Advantages of the web-based Synapse system
During the installation of the system (less than six months) there was no disturbance of the workflow in the radiology department. The test server used for planning installations was copied to the real server. Radiologists became used to the system very quickly, without changes in the former RIS-centric workflow. Using already installed PCs in the periphery led to a very fast rollout of the system. Synapse’s logical compression algorithms resulted in lower intranet traffic; thus, retrieval is not necessary, as large data volumes for MSCT (more than 1,500 pictures) are not a problem to handle simultaneously in daily work.

Self-explanatory PACS tools are the same in the radiology department and in peripheral PCs, with some special tools available for daily use in the radiology department (shortcuts and tools on the mouse). This has lead to a hospital-wide ­acceptance of the system by doctors and the IT unit.

Synapse offers easy-to-use administration tools to define users, their roles and folders. For example, the demo folders are updated automatically. We also integrated external doctors into the system (with restricted access), so that they could look at their work.

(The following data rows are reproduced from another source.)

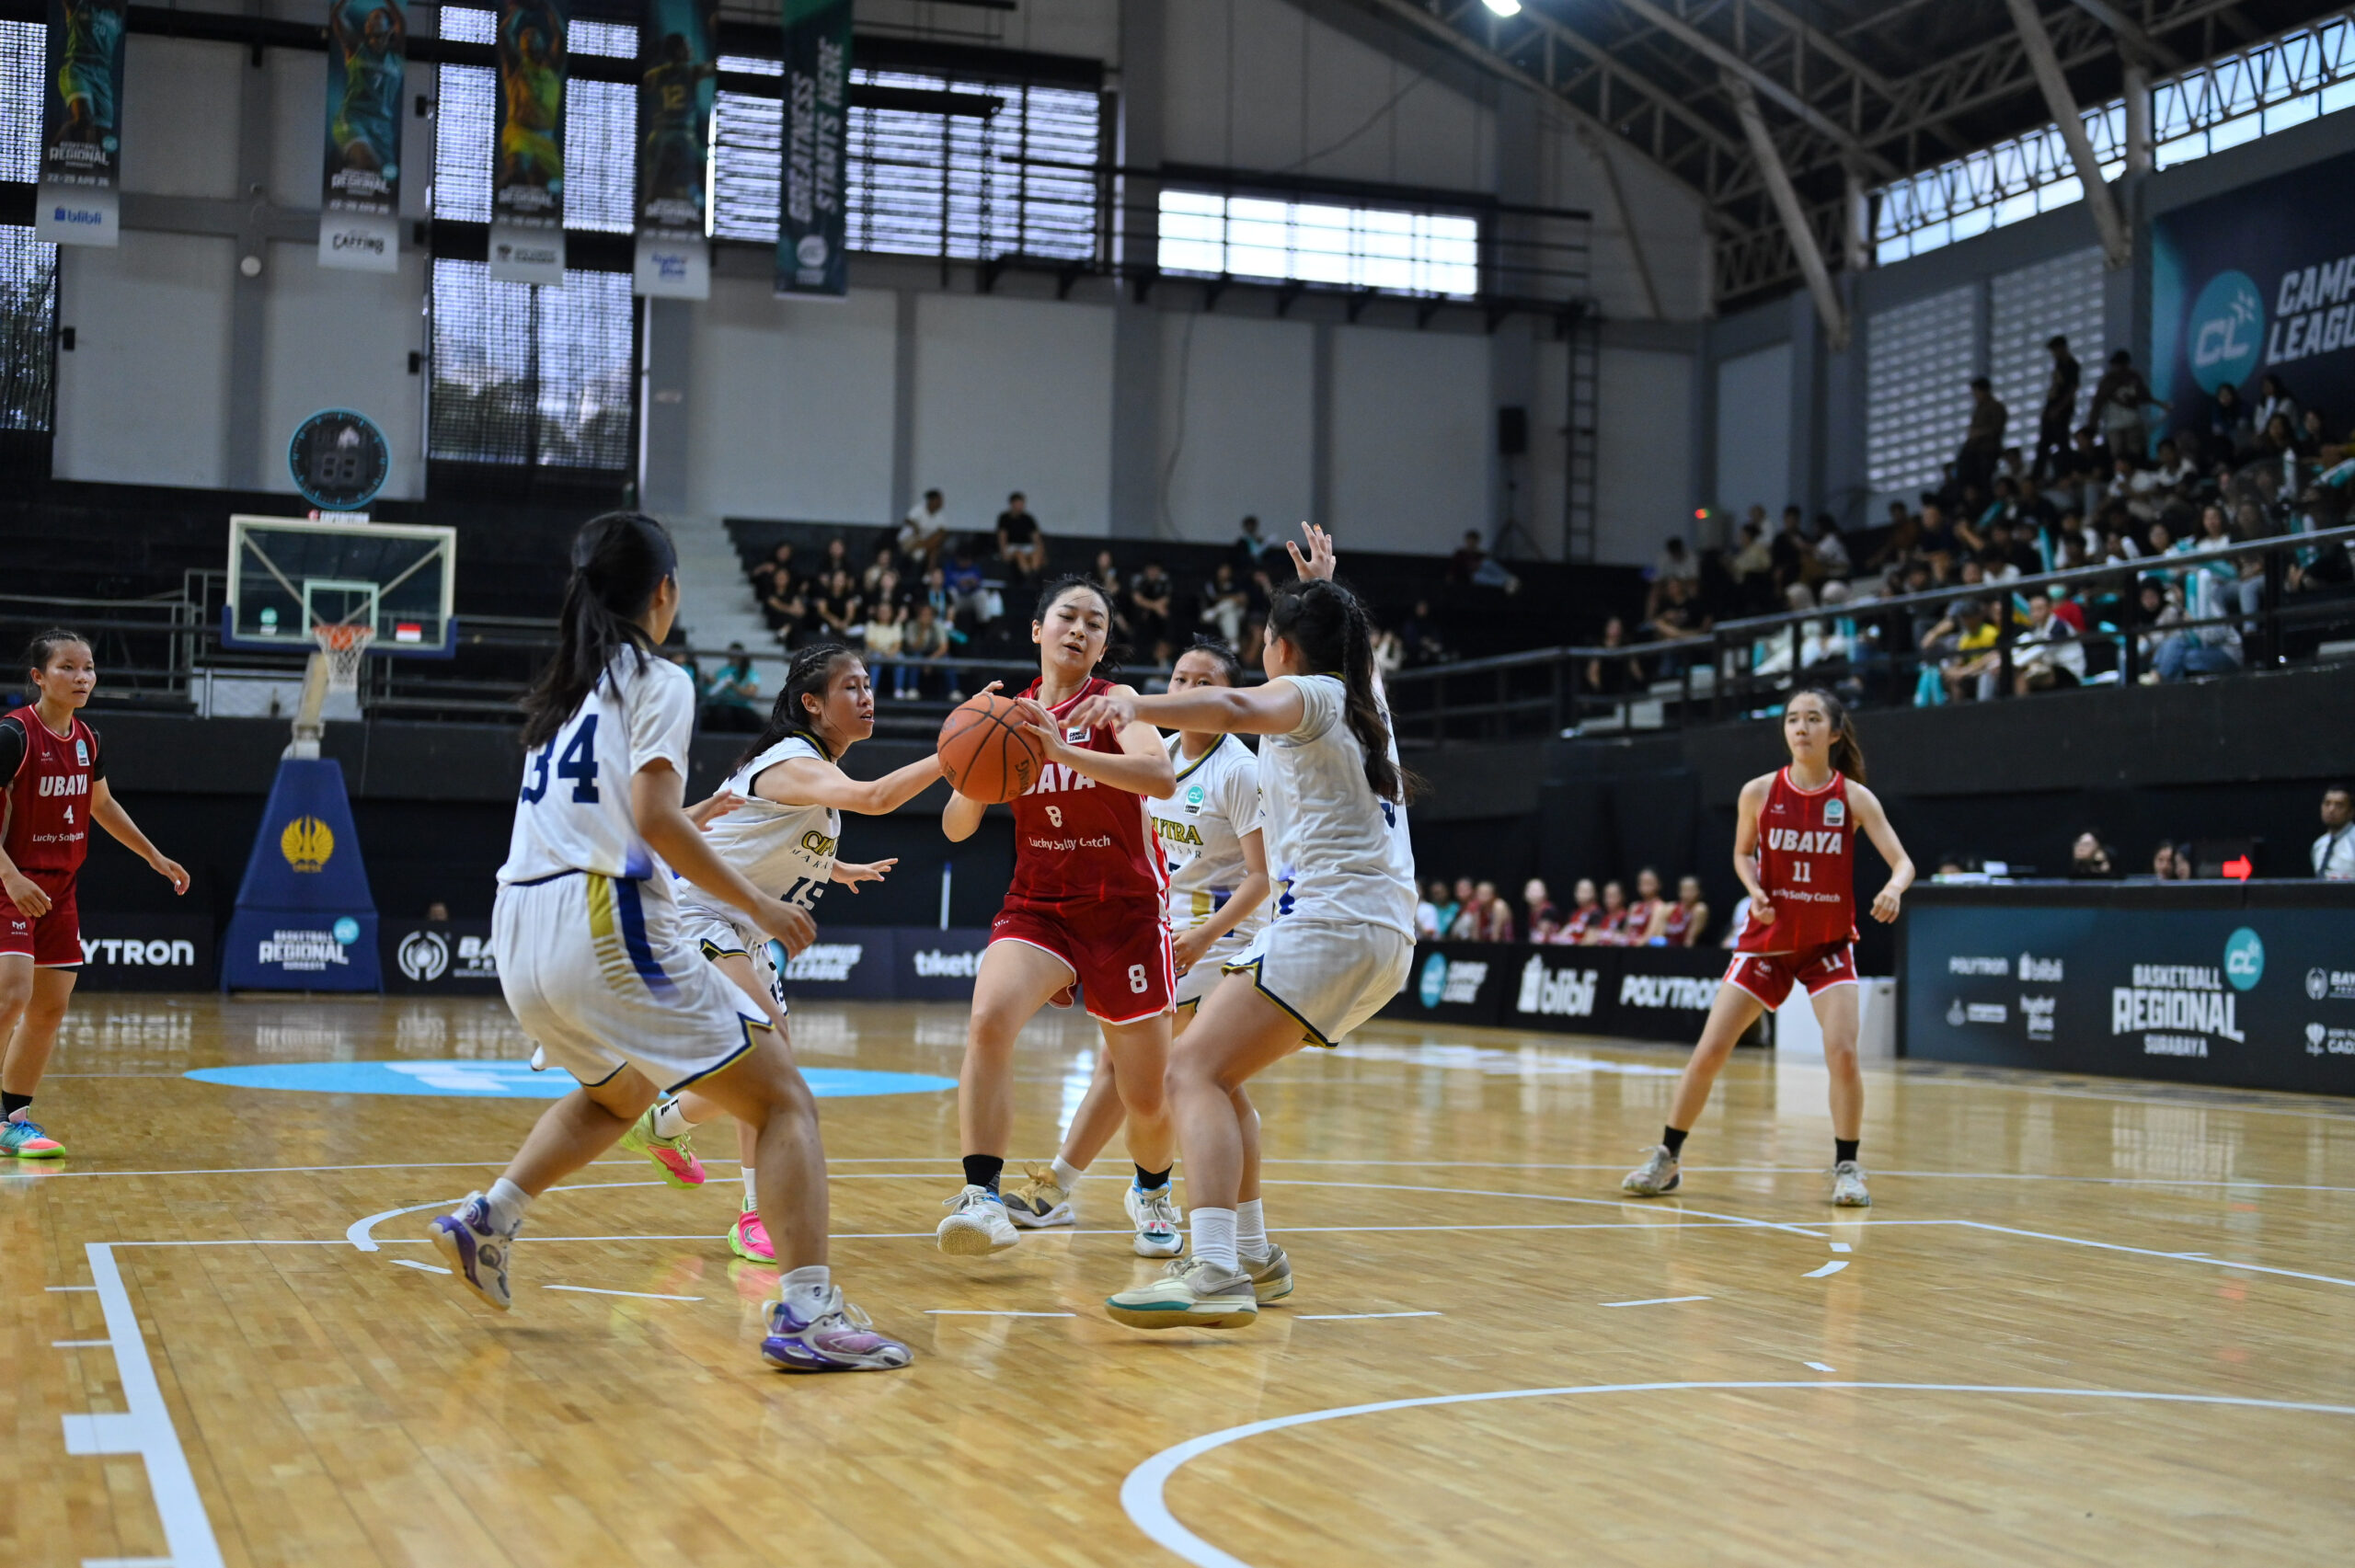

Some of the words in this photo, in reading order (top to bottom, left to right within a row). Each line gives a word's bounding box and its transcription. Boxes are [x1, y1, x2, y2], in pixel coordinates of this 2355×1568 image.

[817, 36, 844, 109] HERE
[788, 71, 815, 223] GREATNESS
[815, 111, 841, 214] STARTS
[522, 714, 600, 805] 34
[39, 774, 87, 797] UBAYA
[63, 805, 75, 825] 4
[1045, 805, 1063, 828] 8
[32, 833, 58, 844] Lucky
[1028, 837, 1053, 851] Lucky
[1079, 835, 1111, 849] Catch
[1768, 828, 1843, 855] UBAYA
[1792, 861, 1811, 883] 11
[1814, 892, 1841, 903] Catch
[258, 940, 350, 966] REGIONAL
[1821, 954, 1845, 973] 11
[1128, 964, 1149, 994] 8
[2132, 964, 2223, 990] BASKETBALL
[2112, 986, 2246, 1044] REGIONAL
[2143, 1033, 2209, 1059] SURABAYA

The ­possibility to combine Synapse with other tools – in our case Voxar 3D – is a great advantage to multiply multiplanar reformation (MPR), maximum intensity projection (MIP) and 3D work. The ­system’s flexibility to cope with ­changing modalities and data handling is also very advantageous. A new digital X-ray unit and a new ultrasound modality were integrated without any problem.

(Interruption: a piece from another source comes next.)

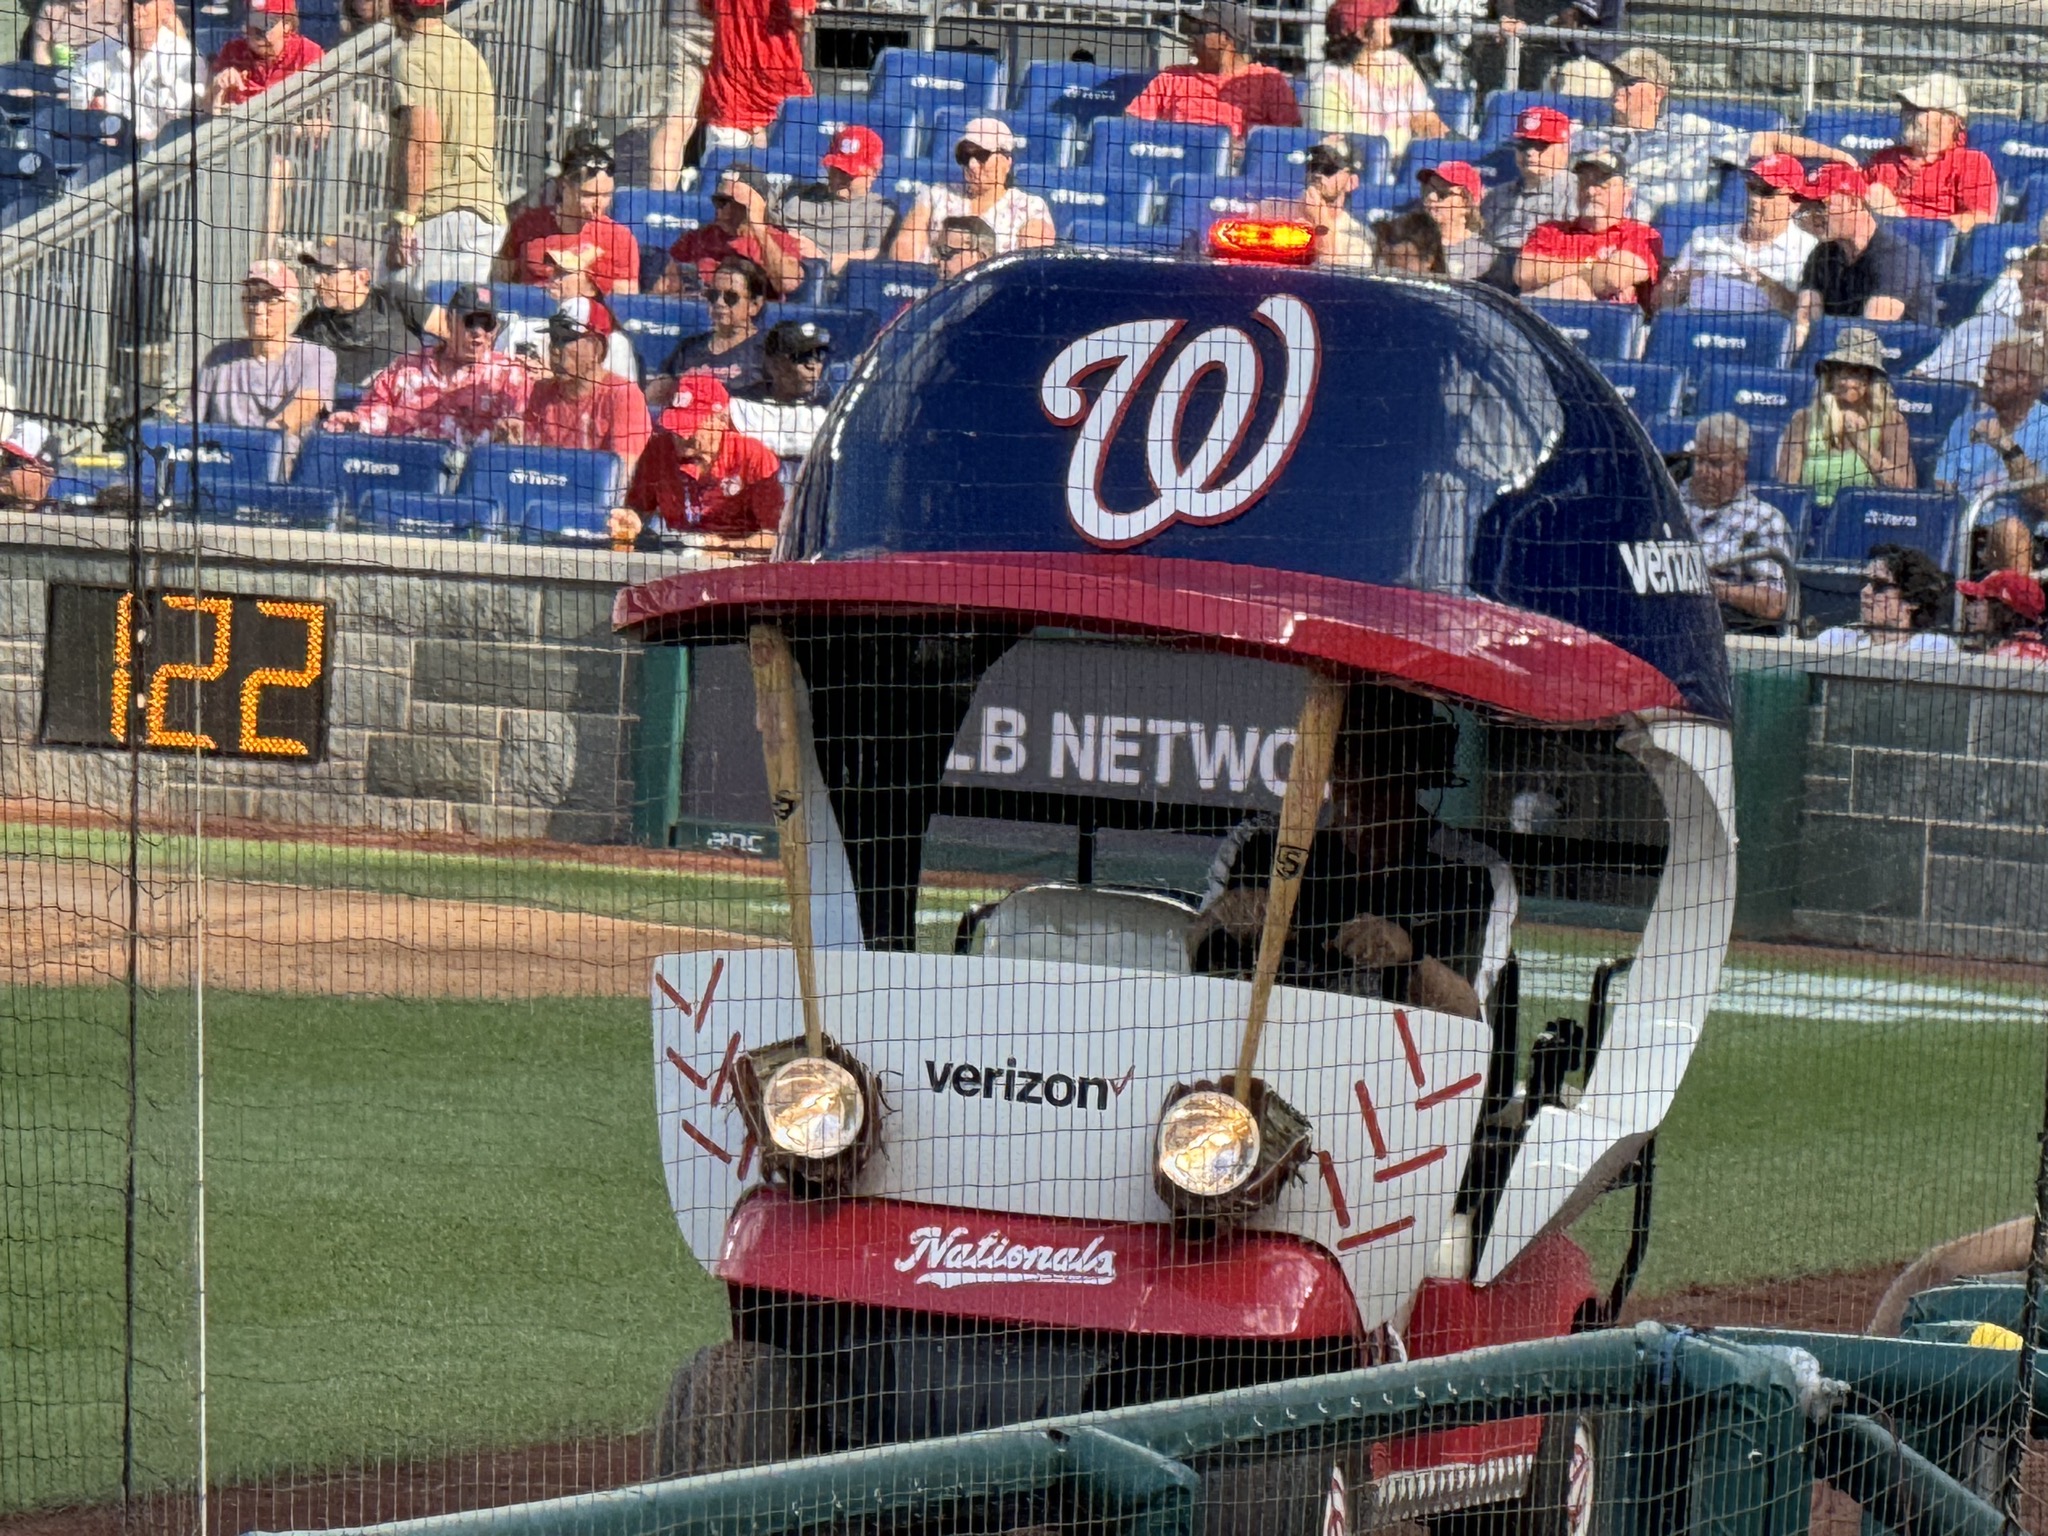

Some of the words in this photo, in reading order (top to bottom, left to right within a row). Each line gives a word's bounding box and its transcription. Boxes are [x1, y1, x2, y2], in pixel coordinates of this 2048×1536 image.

[1040, 292, 1322, 549] W
[925, 1055, 1108, 1111] verizon
[894, 1226, 1117, 1281] Nationals

Patient data storage had to be changed after the neurology department was moved to the main hospital, and patient data storage moved to one store. Peripheral net solution was changed from terminal PCs to a Citrix(®) farm ­solution ­without any problem of data distribution.

A workflow of RIS-based reporting and ­documentation system was rapidly adapted to the PACS in the department. From the RIS worklist it is possible to handle the reporting­ system and picture display at the press of a button. A PACS-centric workflow would also be possible.

Long-term archiving 
This was made possible with a DVD player, with which the only ­problem encountered in three years of use was caused by hardware failure. The newer systems should be based on a big redundant array of independent disks unit or storage area network unit to minimise mechanical problems. Workstations should be installed in sufficient numbers for all the doctors in the radiology department. An additional 3D program, Voxar 3D, helps to do work outside the dedicated 3D workstation on the modalities in a fast and highly effective way.

Patient data archiving 
Make an early decision about the archiving of patient data. After a large department was moved to the main hospital, the formerly separated cases of the psychiatric and ­neurological patients had to be combined with other patient ­history. In our experience, the volume of CT investigation and picture counts doubled compared with estimates.

Monitor quality 
This is also important outside the radiology department, and some monitors in the surgery, ambulance and paediatric units had to be upgraded to a higher-quality monitor solution.

IT support  
This is essential in a digitalised hopital­ environment. With the installation of HIS/RIS/PACS units, a digital reporting system in several departments and big-net solutions, there is a need for 24-hour service from the IT department, especially in the ­radiology department, where a member of staff who is ­familiar with all the workstations, additional tools and modalities should always be present.